Album Review: Midwife – Luminol

[The Flenser; 2021]

With her new album, Luminol, singer, producer, and multi-instrumentalist Madeline Johnston, working under the moniker Midwife, hones the mantric, dreamy, and doom-infused templates of 2020’s Forever. Throughout Luminol’s six tracks, Johnston demonstrates her gift for hypnotic riffs and atmospheres that are at once celestial and disconcerting. Lyrically, she employs mostly diaristic declarations, voicing states of disempowerment, isolation, and self-loathing.

On the album’s opener, “God Is a Cop”, Johnston resignedly repeats the line, “I can’t kill the evil thought,” perhaps alluding to a suicidal impulse and the fundamental human ambivalence: the will to live vs. the wish to die or, more precisely, cease being. Midway into the song, a shimmering yet wiry electric guitar part is added and placed high in the mix, the track’s blend of reverb and compression resulting in a sound that is concurrently narcotizing and agitative, spacious and claustrophobic.
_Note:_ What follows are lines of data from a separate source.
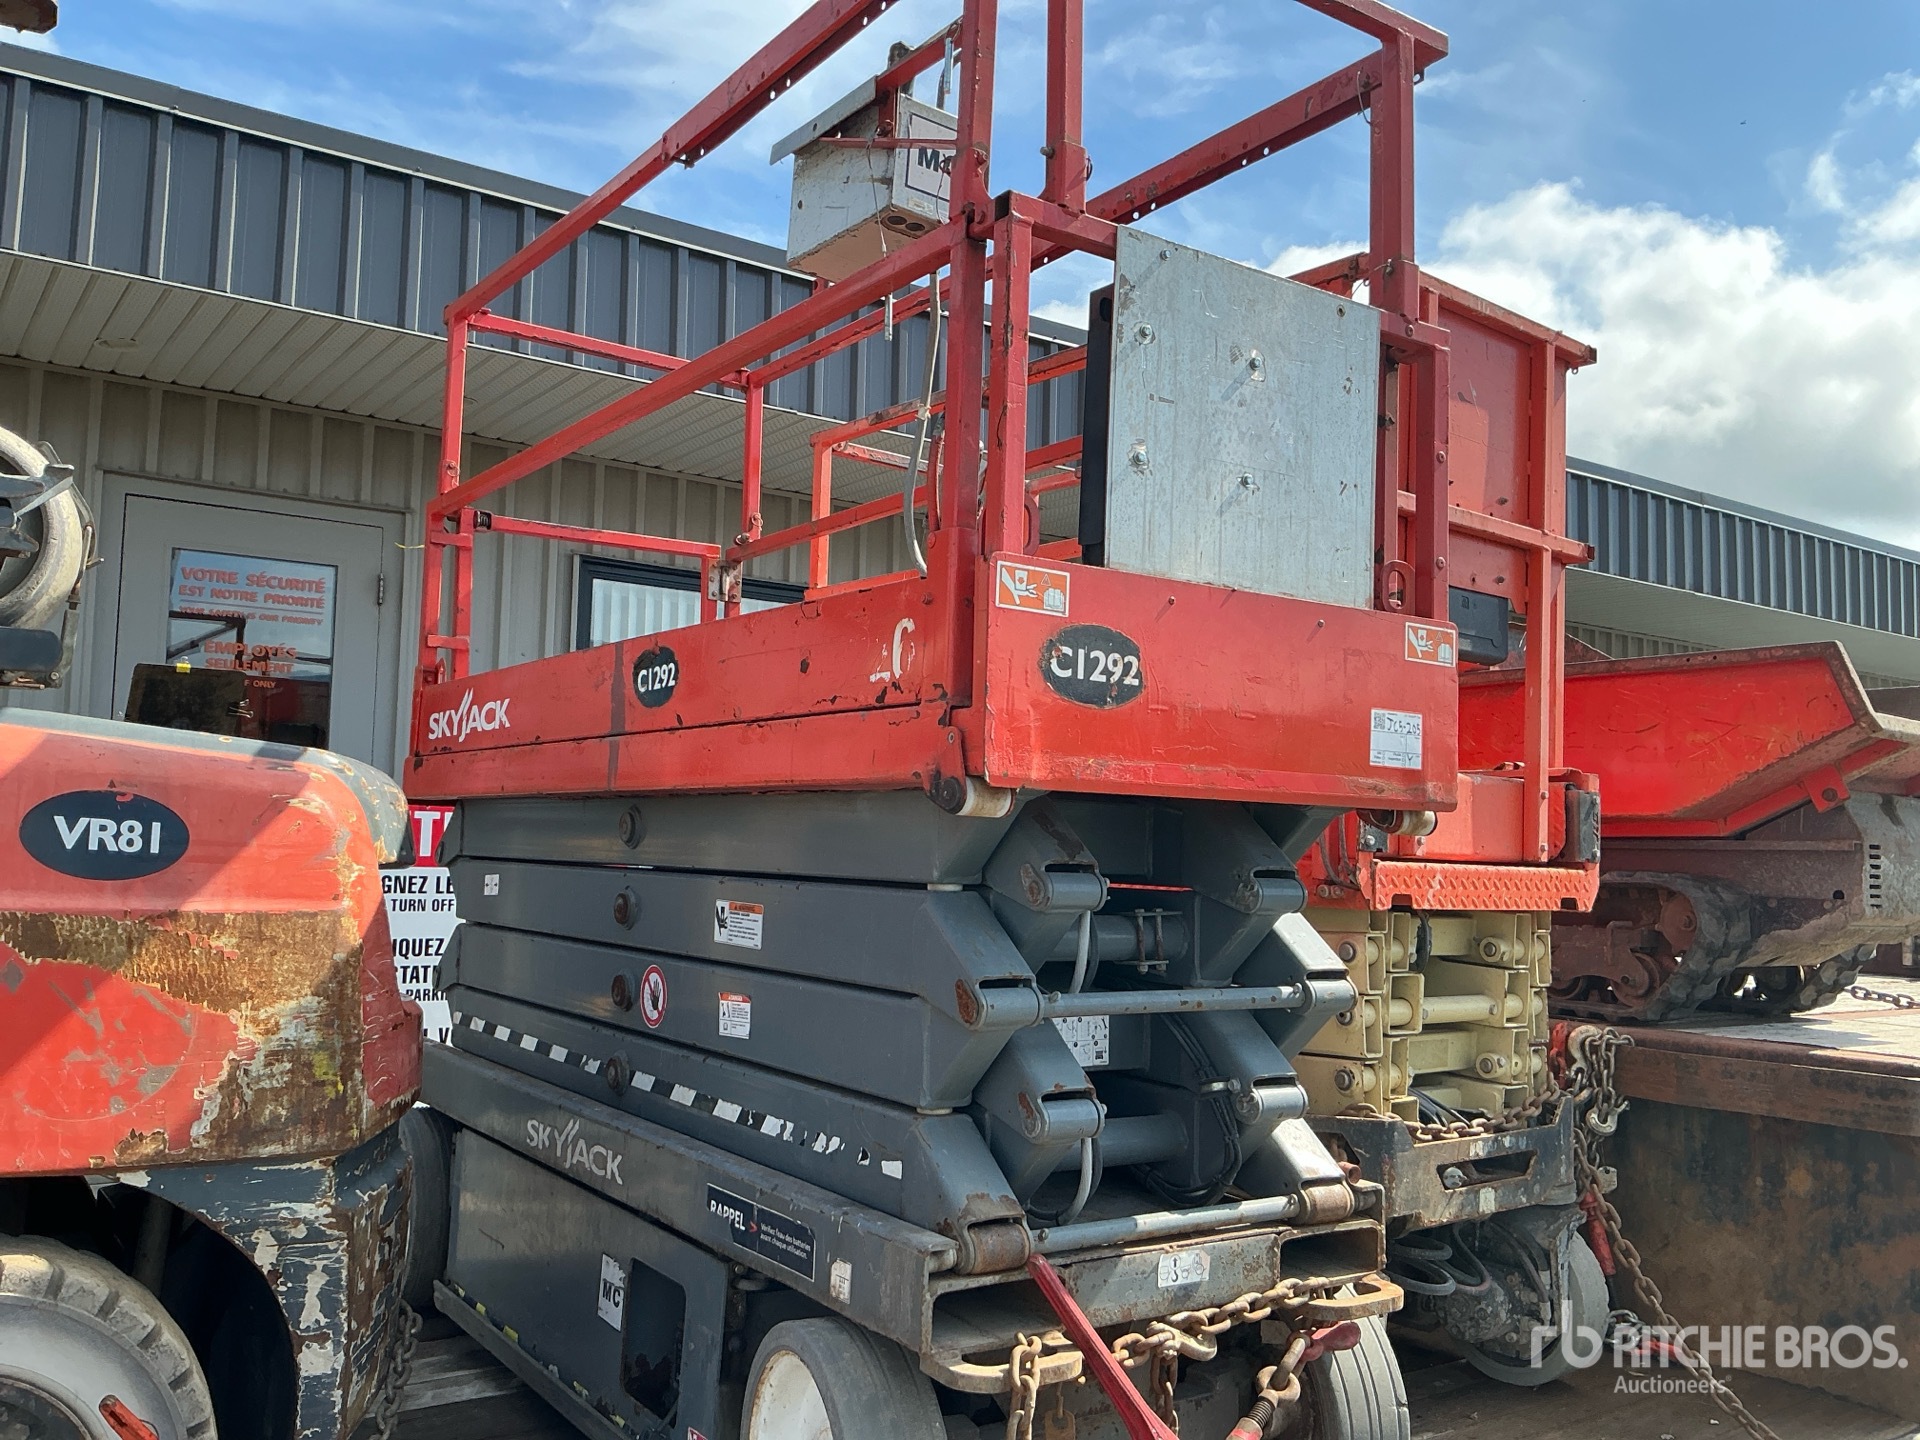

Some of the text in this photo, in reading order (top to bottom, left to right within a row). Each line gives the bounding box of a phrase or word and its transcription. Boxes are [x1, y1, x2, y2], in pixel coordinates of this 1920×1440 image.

[180, 566, 326, 594] VOTRE SÉCURITÉ
[178, 584, 325, 609] EST NOTRE PRIORITÉ
[258, 613, 279, 622] OUR
[281, 615, 324, 626] PRIORITY
[204, 640, 297, 659] EMPLOYÉS
[205, 657, 294, 673] SEULEMENT
[252, 679, 276, 689] ONLY
[428, 688, 511, 743] SKYJACK
[53, 815, 161, 854] VR81
[381, 875, 428, 894] GNEZ
[391, 898, 455, 912] TURN OFF
[392, 938, 445, 959] IQUEZ
[526, 1118, 623, 1185] SKYJACK
[710, 1199, 746, 1231] RAPPEL
[602, 1280, 621, 1308] MC
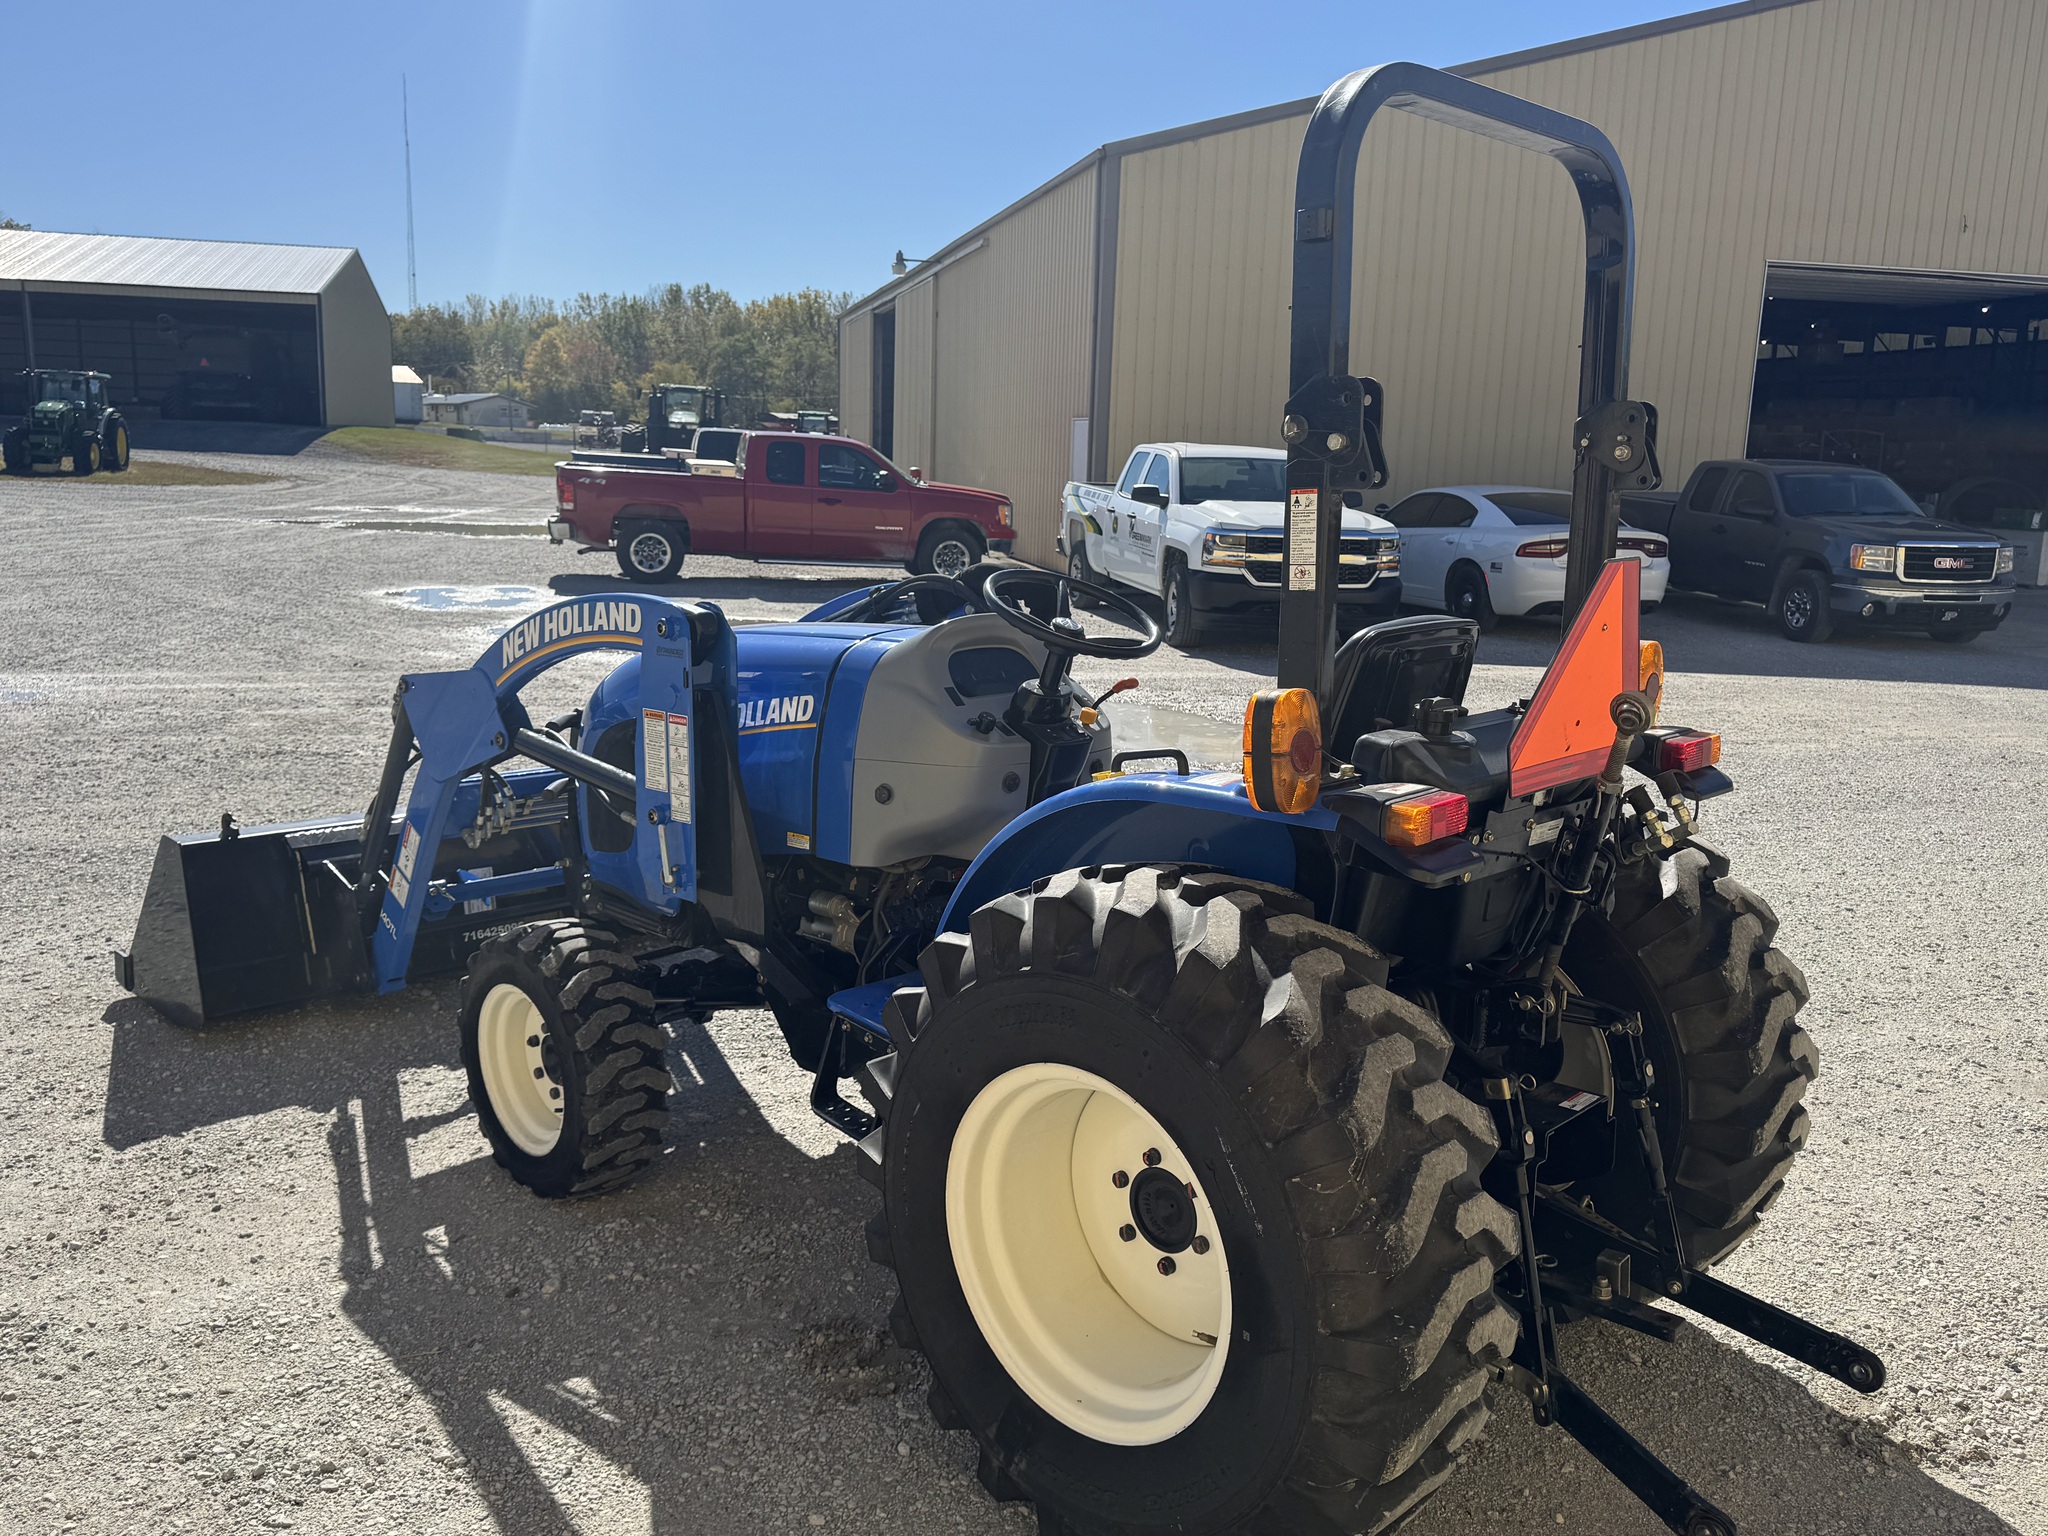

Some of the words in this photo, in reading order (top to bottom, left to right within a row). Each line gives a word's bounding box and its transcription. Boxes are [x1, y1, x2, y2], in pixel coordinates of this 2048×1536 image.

While “God Is a Cop” references psychological or existential dystopia, the following “Enemy” addresses betrayal by the body, employing the metaphor of an autoimmune disorder to reiterate that human life is inherently conflicted: “My body is against me / my body wants to kill me.” Instrumentally and vocally, “Enemy” features a striking amalgam of elegance and nightmarishness / vulnerability and jadedness that brings to mind Kristina Esfandiari’s work under the Miserable and King Woman monikers.

“2020” borrows the line “And it feels like heaven is so far away” from the 1997 hit by The Offspring, Johnston transforming the hook-y lament into a drone-y manifesto on unremitting loneliness. A.A. Williams’ recent cover project Songs from Isolation is an inevitable comparison, particularly the British songwriter’s brooding version of The Pixies’ pop-ish “Where Is My Mind”.

The second half of Luminol begins with “Colorado”, which opens with a composite of ambient sounds and shimmering distortion, Johnston’s use of reverb and compression again evoking a feeling of transcendent vastness and palpable contraction. Lyrically, Johnston alludes to the experience of Covid and quarantine to signify a more pervasive and trans-circumstantial sense of aloneness: “All my friends are in New York / all my friends are in LA / … how much more death can one person take?”

The album closes with “Christina’s World”, an ekphrastic response to Andrew Wyeth’s 1948 painting of the same title. While the source work integrates pastoralism and postmodern discontent, offering a commentary on changing social norms circa post-WWII, Johnston’s take is more heavily melancholic, a Grouper-esque portrait of an epically damned individual “crawling up the hill towards the house,” a sanctuary or safe zone she will probably never reach.

Going forward, Johnston will undoubtedly need to broaden her modus operandum, experimenting with a wider variety of effects and atmospherics, and expanding her lyrical range. That said, Luminol’s focused stylistics and singular aesthetic succeed overall, yielding a distinctly cohesive and compelling project while further establishing Johnston’s already recognizable brand.